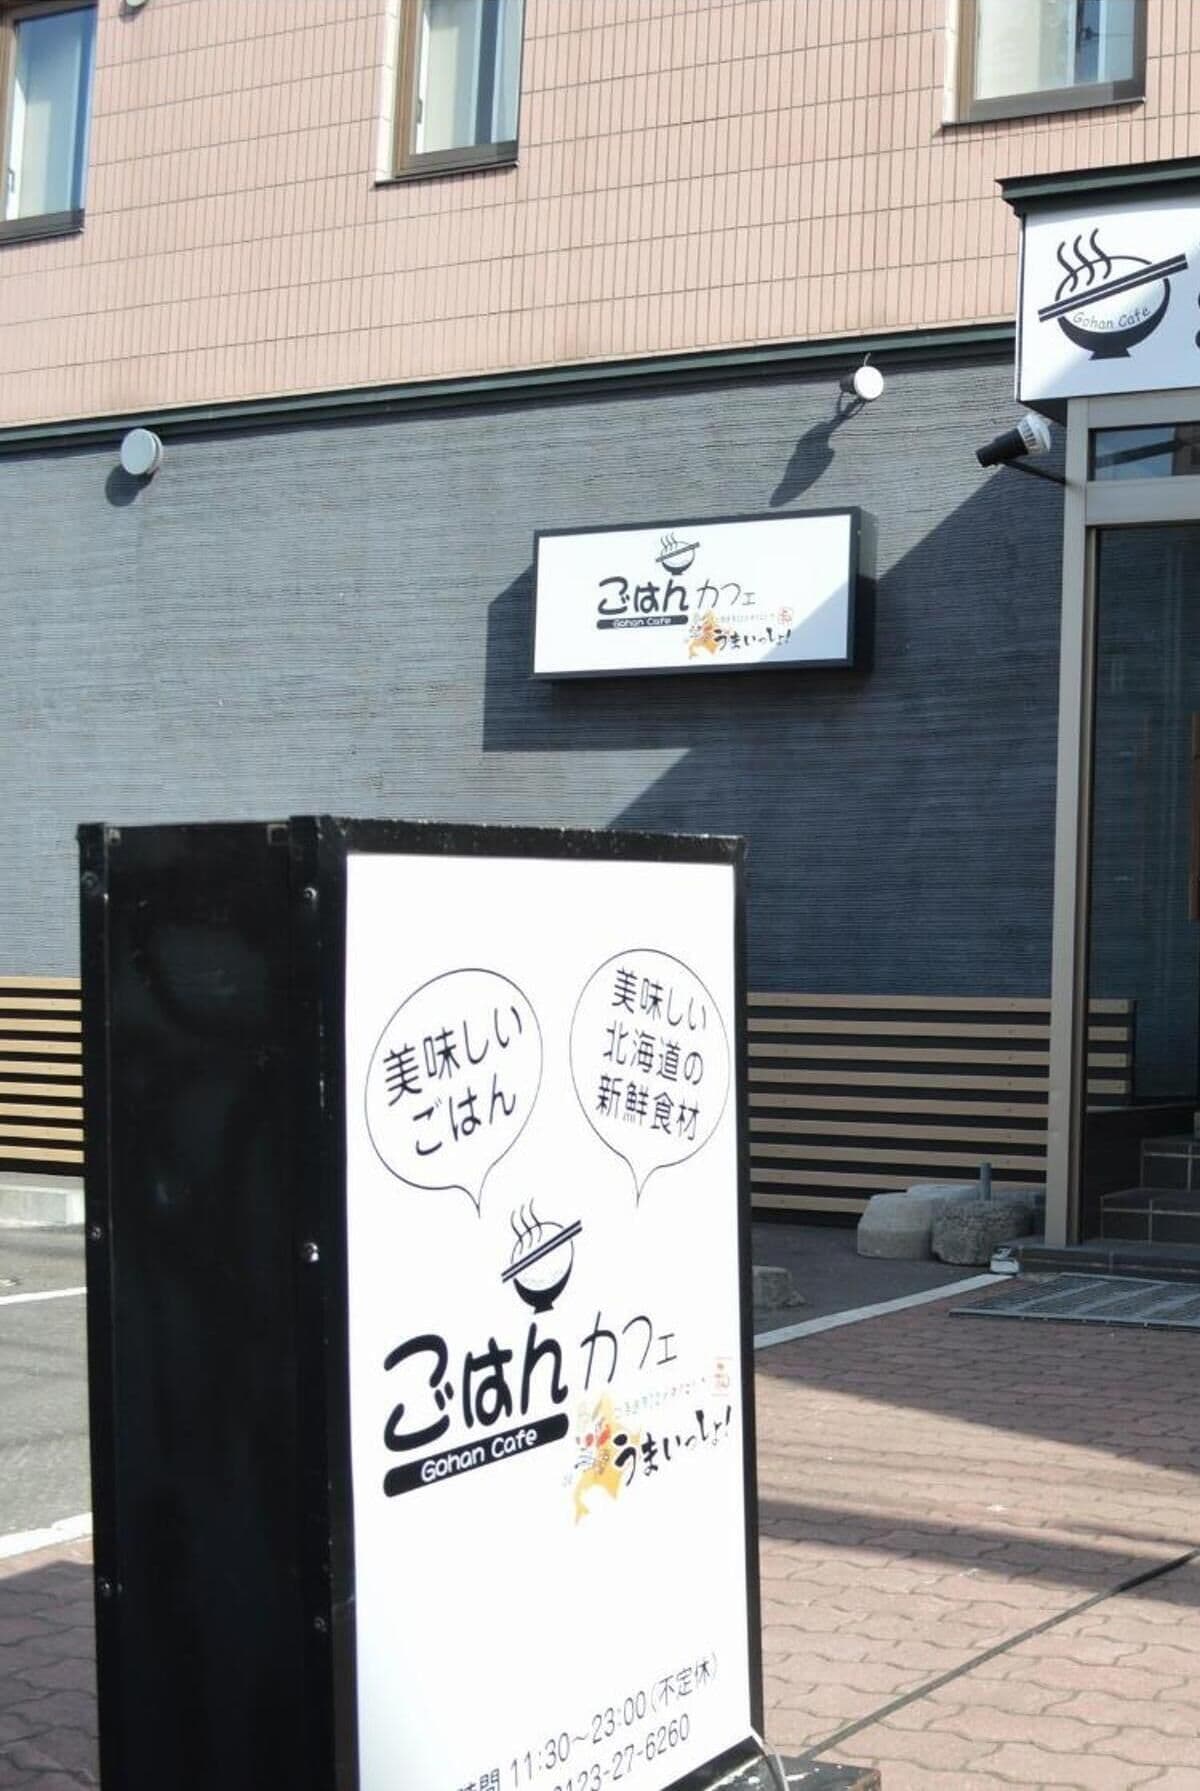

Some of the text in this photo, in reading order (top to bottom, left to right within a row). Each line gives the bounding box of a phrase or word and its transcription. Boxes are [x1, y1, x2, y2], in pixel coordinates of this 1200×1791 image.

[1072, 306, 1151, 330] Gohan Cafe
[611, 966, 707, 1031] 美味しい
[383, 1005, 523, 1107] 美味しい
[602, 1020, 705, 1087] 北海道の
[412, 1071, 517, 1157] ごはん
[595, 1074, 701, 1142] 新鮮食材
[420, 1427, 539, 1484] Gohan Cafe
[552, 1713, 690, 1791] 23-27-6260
....
Everything in the data except the pictures should be restated word for word.

Some of the text in this photo, in reading order (top to bottom, left to right within a row). Each line gives the bounding box of a phrase or word and its transcription. Boxes are [x1, y1, x2, y2], in pixel coordinates of this 1200×1791 image.

[1072, 306, 1151, 330] Gohan Cafe
[611, 966, 707, 1031] 美味しい
[383, 1005, 523, 1107] 美味しい
[602, 1020, 705, 1087] 北海道の
[412, 1071, 517, 1157] ごはん
[595, 1074, 701, 1142] 新鮮食材
[420, 1427, 539, 1484] Gohan Cafe
[552, 1713, 690, 1791] 23-27-6260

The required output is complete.